### [EXERCISE PROMPT]
Return all of the entries below, word for word. Omit each picture.

### [MATERIAL FOR THIS TASK]
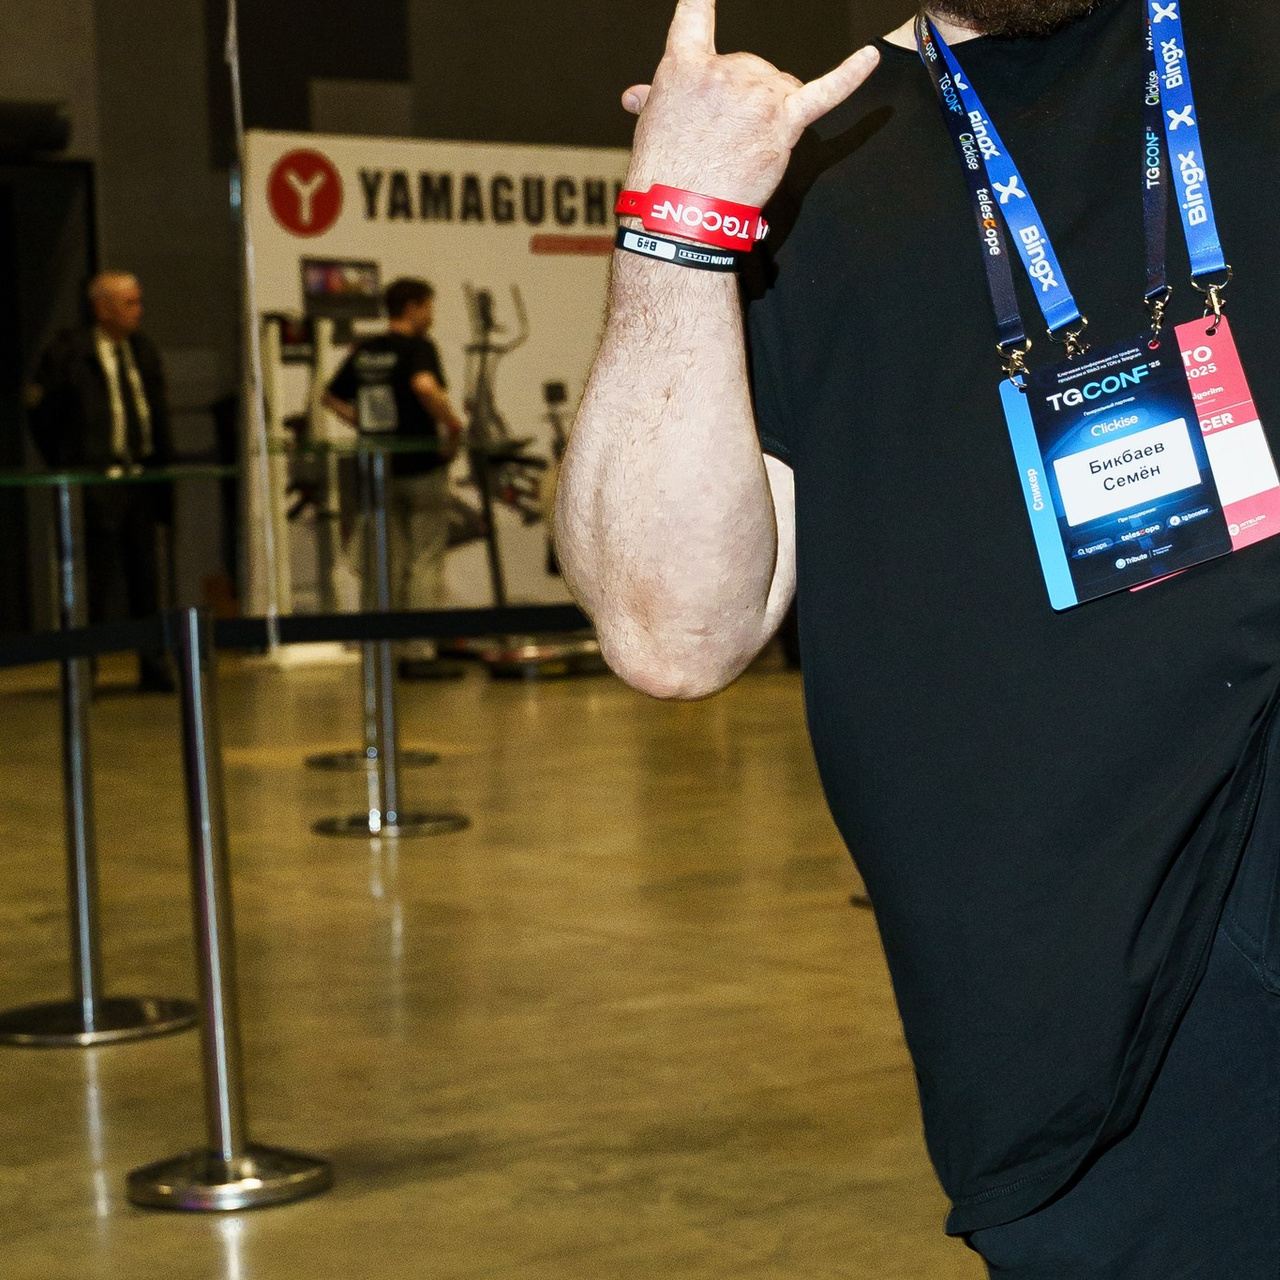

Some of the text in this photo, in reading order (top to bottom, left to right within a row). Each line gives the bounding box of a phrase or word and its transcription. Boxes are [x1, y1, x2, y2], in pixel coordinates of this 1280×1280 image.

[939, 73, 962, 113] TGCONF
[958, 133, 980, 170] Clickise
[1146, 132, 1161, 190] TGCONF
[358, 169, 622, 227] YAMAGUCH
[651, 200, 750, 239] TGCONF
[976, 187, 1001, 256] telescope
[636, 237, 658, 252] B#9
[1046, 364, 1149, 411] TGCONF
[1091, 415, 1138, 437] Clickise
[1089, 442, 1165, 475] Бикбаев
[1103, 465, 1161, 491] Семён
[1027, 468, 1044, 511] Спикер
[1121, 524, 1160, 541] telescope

### [SOLUTION TO THE PROBLEM]
Some of the text in this photo, in reading order (top to bottom, left to right within a row). Each line gives the bounding box of a phrase or word and its transcription. Boxes are [x1, y1, x2, y2], in pixel coordinates of this 1280×1280 image.

[939, 73, 962, 113] TGCONF
[958, 133, 980, 170] Clickise
[1146, 132, 1161, 190] TGCONF
[358, 169, 622, 227] YAMAGUCH
[651, 200, 750, 239] TGCONF
[976, 187, 1001, 256] telescope
[636, 237, 658, 252] B#9
[1046, 364, 1149, 411] TGCONF
[1091, 415, 1138, 437] Clickise
[1089, 442, 1165, 475] Бикбаев
[1103, 465, 1161, 491] Семён
[1027, 468, 1044, 511] Спикер
[1121, 524, 1160, 541] telescope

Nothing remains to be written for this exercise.